■ About this task: Give the records again in full, exactly as they appear, but without the pictures.

━━━ Record set ━━━

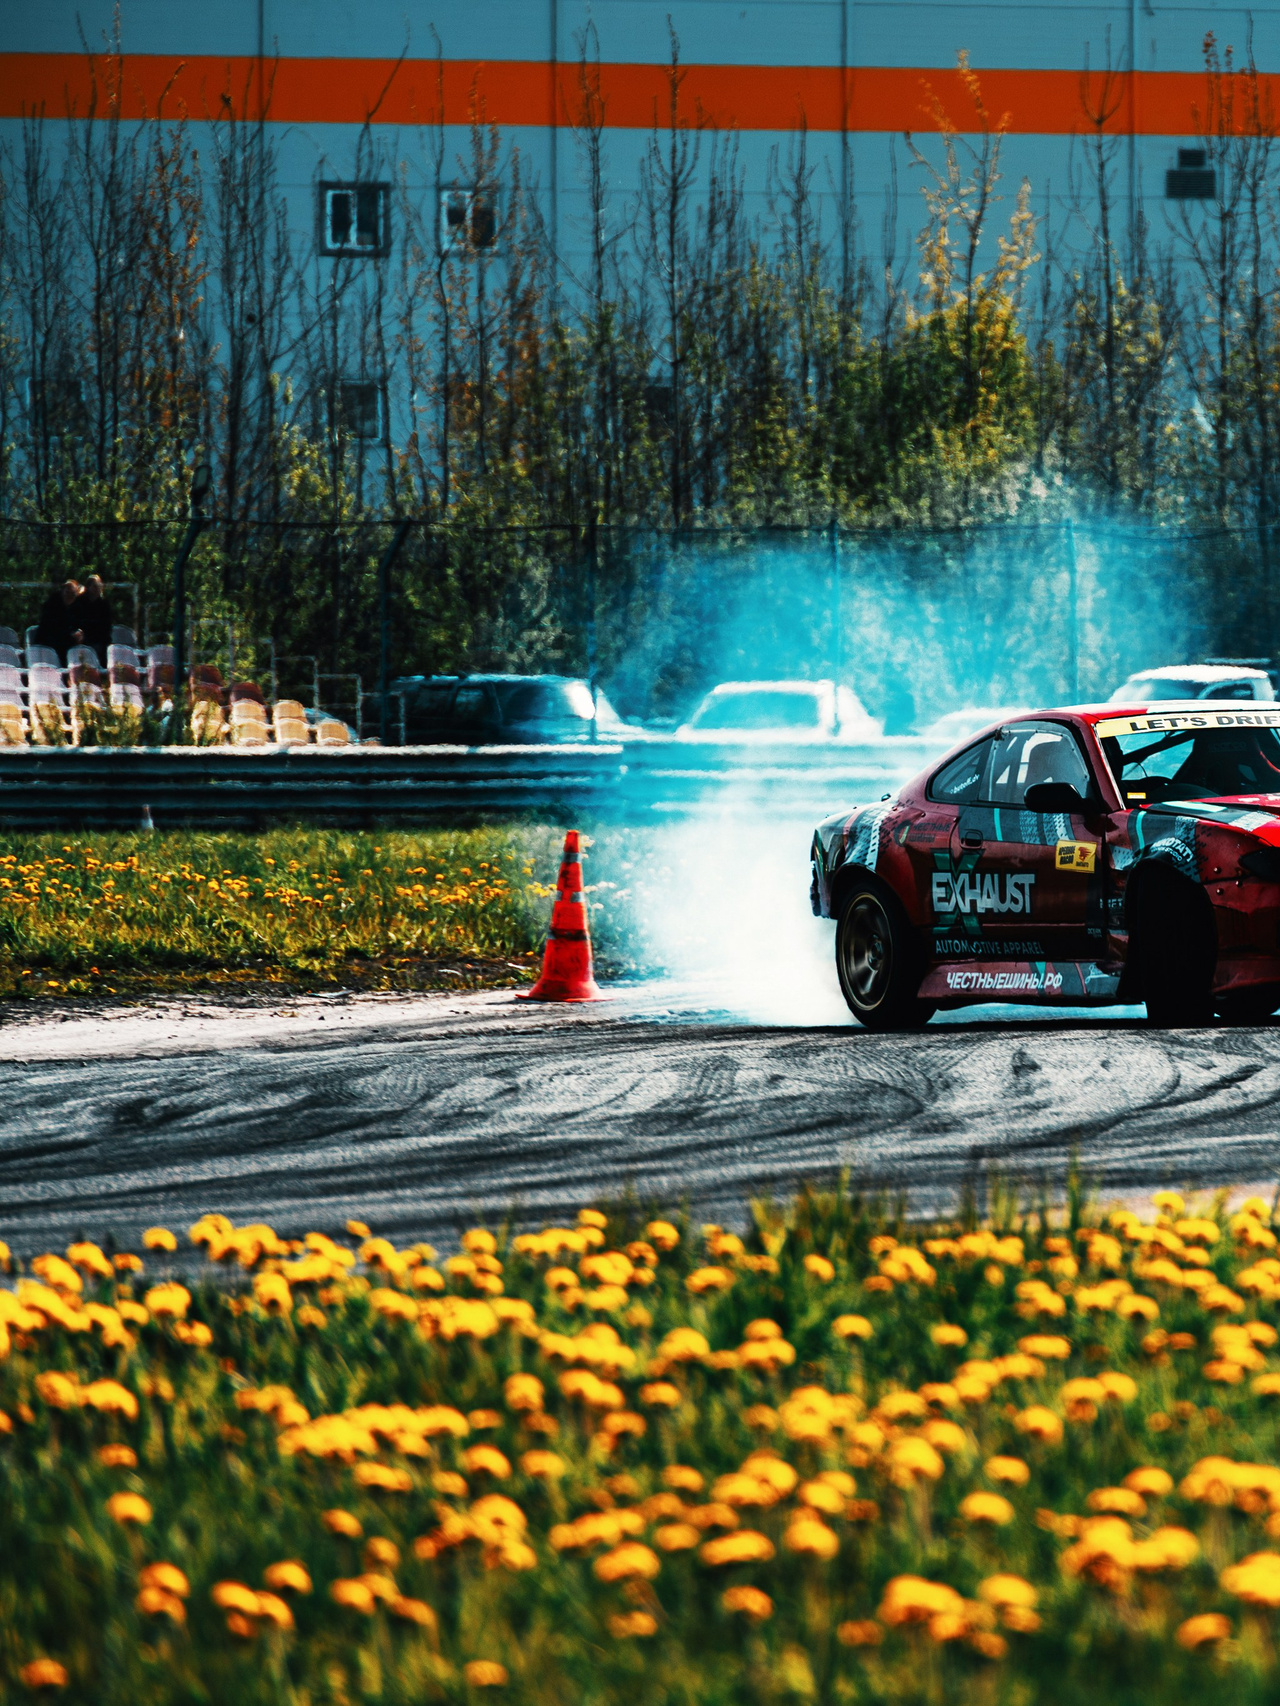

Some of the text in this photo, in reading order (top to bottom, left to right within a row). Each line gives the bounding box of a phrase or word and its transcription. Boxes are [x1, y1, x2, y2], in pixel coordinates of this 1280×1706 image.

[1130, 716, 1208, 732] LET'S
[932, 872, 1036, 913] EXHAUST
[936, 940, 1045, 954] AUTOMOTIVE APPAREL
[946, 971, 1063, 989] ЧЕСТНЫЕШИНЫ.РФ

━━━

■ Reply:
Some of the text in this photo, in reading order (top to bottom, left to right within a row). Each line gives the bounding box of a phrase or word and its transcription. Boxes are [x1, y1, x2, y2], in pixel coordinates of this 1280×1706 image.

[1130, 716, 1208, 732] LET'S
[932, 872, 1036, 913] EXHAUST
[936, 940, 1045, 954] AUTOMOTIVE APPAREL
[946, 971, 1063, 989] ЧЕСТНЫЕШИНЫ.РФ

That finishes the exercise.